▸ TASK TO CARRY OUT: Since the copy must hold text only, transcribe the data below exactly and omit the images.

Stored data entries
Content starts
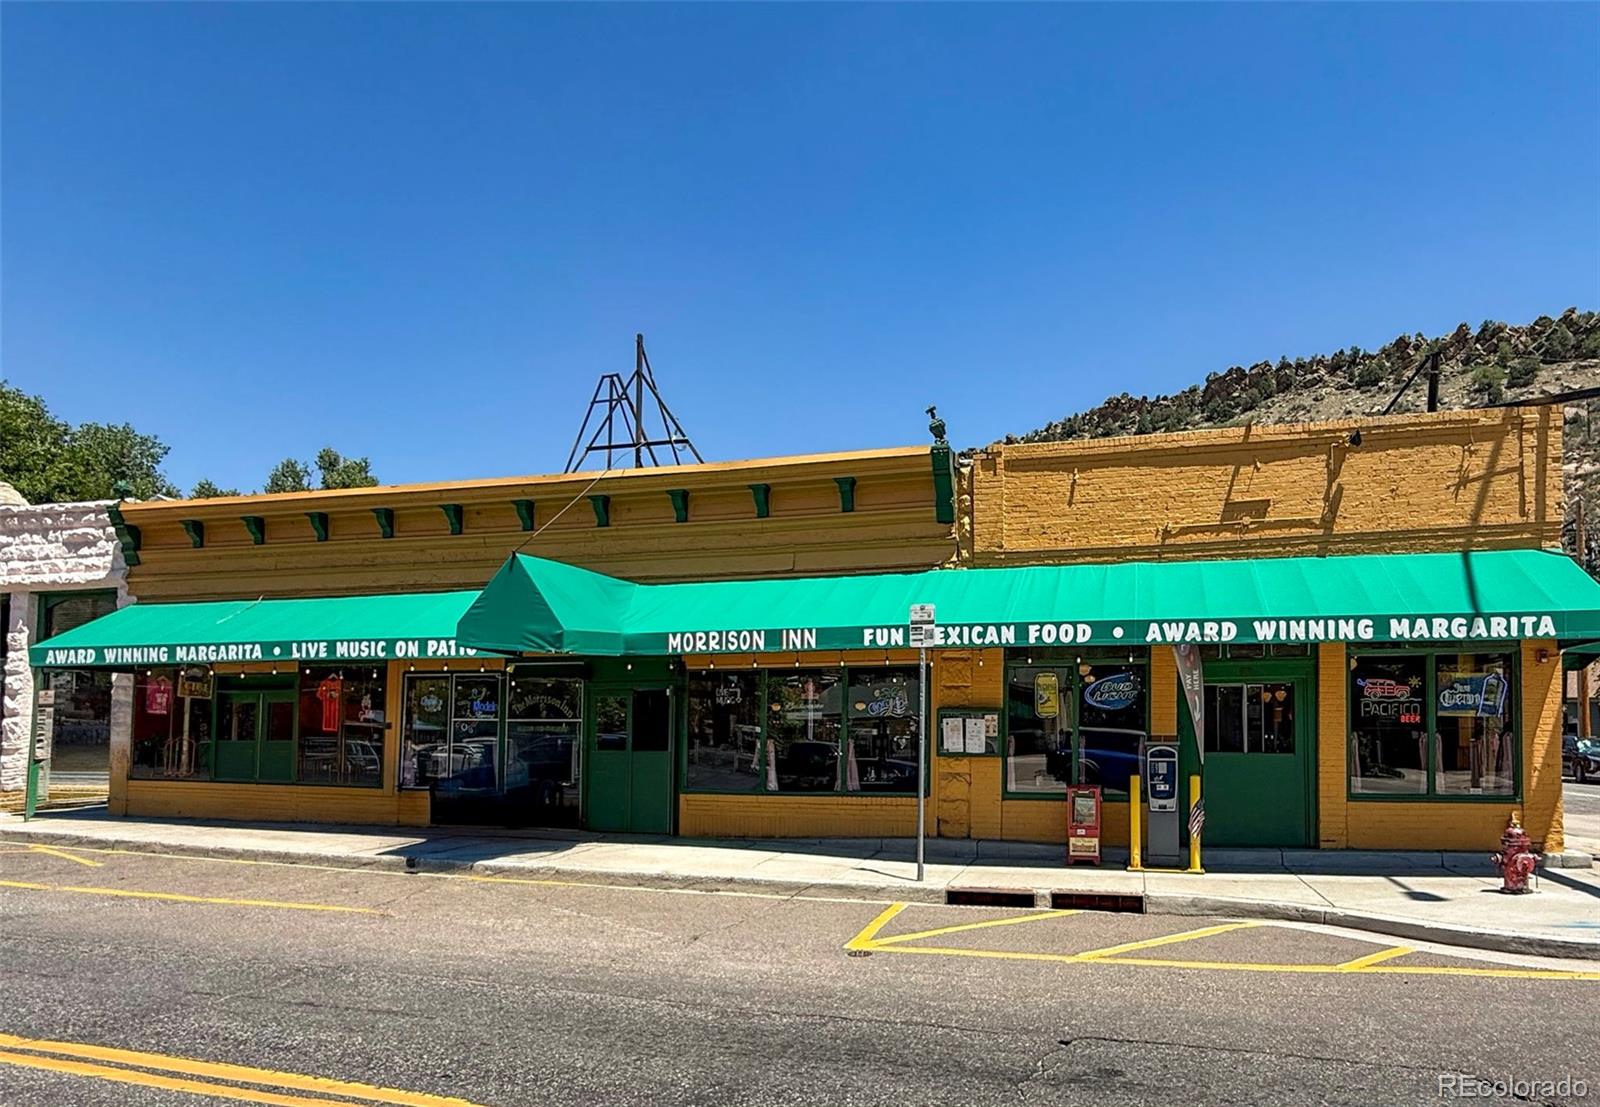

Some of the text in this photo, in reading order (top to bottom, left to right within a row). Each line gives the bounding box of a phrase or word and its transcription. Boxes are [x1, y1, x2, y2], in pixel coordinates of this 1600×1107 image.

[863, 627, 904, 646] FUN
[934, 625, 1015, 646] EXICAN
[1028, 623, 1093, 644] FOOD
[1145, 620, 1238, 643] AWARD
[1253, 617, 1375, 642] WINNING
[1389, 614, 1557, 641] MARGARITA
[666, 628, 817, 654] MORRISON INN
[45, 648, 96, 665] AWARD
[103, 646, 168, 664] WINNING
[176, 643, 262, 661] MARGARITA
[291, 642, 327, 659] LIVE
[336, 640, 386, 658] MUSIC
[395, 640, 419, 658] ON
[1100, 681, 1133, 692] BUD
[1093, 690, 1138, 701] LIGHT
[1361, 701, 1421, 717] PACIFICO
[1400, 714, 1421, 724] BEER
Content ends
▸ EXERCISE RESPONSE:
Some of the text in this photo, in reading order (top to bottom, left to right within a row). Each line gives the bounding box of a phrase or word and its transcription. Boxes are [x1, y1, x2, y2], in pixel coordinates of this 1600×1107 image.

[863, 627, 904, 646] FUN
[934, 625, 1015, 646] EXICAN
[1028, 623, 1093, 644] FOOD
[1145, 620, 1238, 643] AWARD
[1253, 617, 1375, 642] WINNING
[1389, 614, 1557, 641] MARGARITA
[666, 628, 817, 654] MORRISON INN
[45, 648, 96, 665] AWARD
[103, 646, 168, 664] WINNING
[176, 643, 262, 661] MARGARITA
[291, 642, 327, 659] LIVE
[336, 640, 386, 658] MUSIC
[395, 640, 419, 658] ON
[1100, 681, 1133, 692] BUD
[1093, 690, 1138, 701] LIGHT
[1361, 701, 1421, 717] PACIFICO
[1400, 714, 1421, 724] BEER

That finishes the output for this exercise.